Java concurrent programming-ConcurrentHashMap Principle Analysis, concurrenthashmap

Source: Internet
Author: User

Java concurrent programming-ConcurrentHashMap Principle Analysis, concurrenthashmap
Preface

A set is the most commonly used data structure in programming. When it comes to concurrency, it is almost always inseparable from the support of advanced data structures such as collections. For example, two threads need to access an intermediate critical zone (Queue) at the same time. For example, cache is often used as a copy of external files (HashMap ).
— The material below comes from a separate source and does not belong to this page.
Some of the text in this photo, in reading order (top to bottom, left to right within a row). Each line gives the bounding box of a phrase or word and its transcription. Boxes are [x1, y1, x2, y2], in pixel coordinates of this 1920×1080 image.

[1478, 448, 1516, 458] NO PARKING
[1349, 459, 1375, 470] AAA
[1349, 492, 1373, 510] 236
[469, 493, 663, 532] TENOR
Before tiger, one of the most commonly used data structures isHashMapAndHashtable. We all know that synchronization is not considered in HashMap, while Hashtable uses synchronized. (HashMap is thread-safe and HashTable is thread-safe.) the direct impact of HashMap is optional, we can use HashMap in a single thread to improve efficiency, while Hashtable can be used in multithreading to ensure security.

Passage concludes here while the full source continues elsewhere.